Thanks to the outcry from the American people, Senate Republicans rallied under the leadership of Senate Minority Leader Mitch McConnell and defeated the trillion-dollar monstrosity. In its stead, Congress has now enacted a continuing resolution through March 4th, 2011. That means the incoming Republican majority in the House will have the chance to listen to the American people and address spending for Fiscal Year 2011.

Is McConnell perfect? Of course not. Does he occasionally stray off the conservative reservation? Sure. But, he masterfully kept his caucus together to beat back the omnibus and before that items like the carbon cap-and-tax and other energy restrictions. ObamaCare was not stopped, but it did not pass with a single Republican voting in favor in the Senate. Even the “stimulus” and the Dodd-Frank financial takeover passed with little Republican support.

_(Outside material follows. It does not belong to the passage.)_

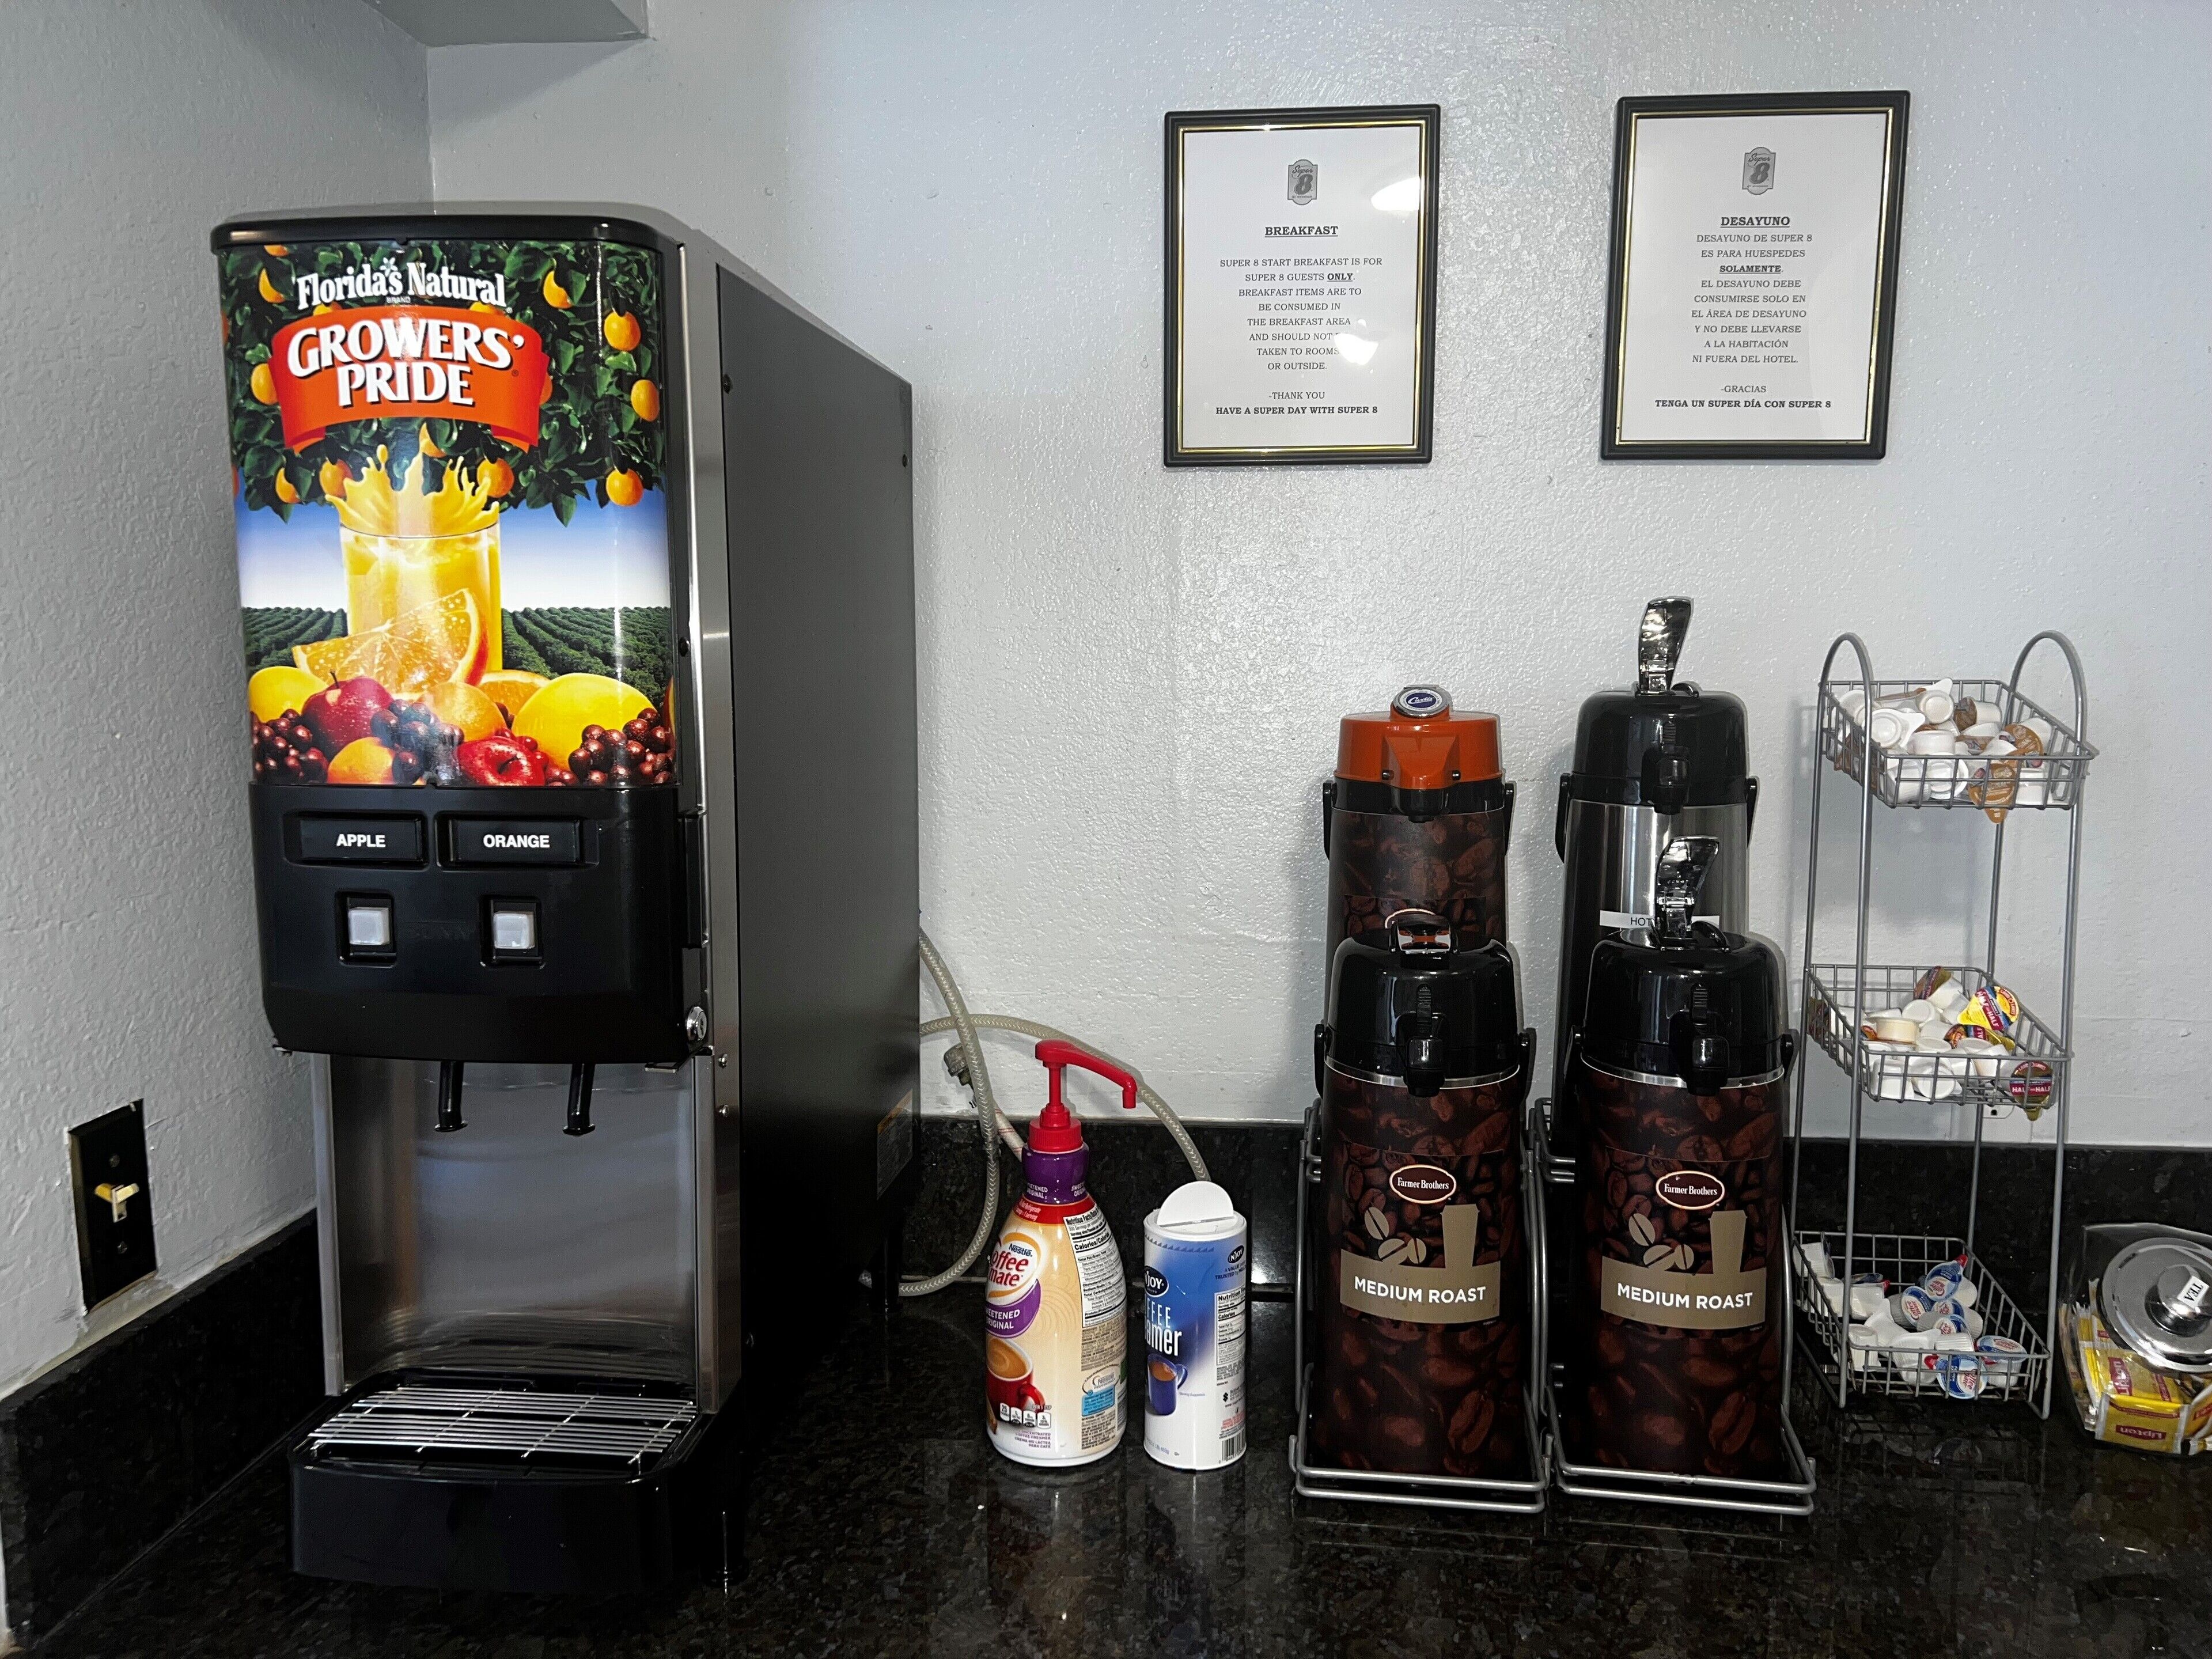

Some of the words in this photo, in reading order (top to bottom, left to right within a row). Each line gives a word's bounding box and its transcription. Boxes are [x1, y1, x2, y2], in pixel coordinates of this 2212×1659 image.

For fighting against the Obama agenda, even when the “moderates” in the caucus were playing footsy with the other side, McConnell has done a high service for the American people and he too deserves their thanks. He listened to his constituents, and was one of the major reasons the American people had a clear and distinct choice at the polls in 2010.

Now, electorate has strengthened McConnell’s hand in the Senate with six new Republican senators. This will give him the ability to stop almost any piece of legislation in the Senate, something he did not necessarily possess in 2009-10.

Together, Wisconsin State Senator Decker and national Senator McConnell have listened to their constituents and put a stop to the 2010 lame duck spend-a-thon.

From state capitals across the country like Madison, Wisconsin to Washington, D.C., the American people are sending new representatives into government. And thanks to leaders like Decker and McConnell, for the first time in a generation, the American people will have a seat at the table.

Merry Christmas, America.

Bill Wilson is the President of Americans for Limited Government.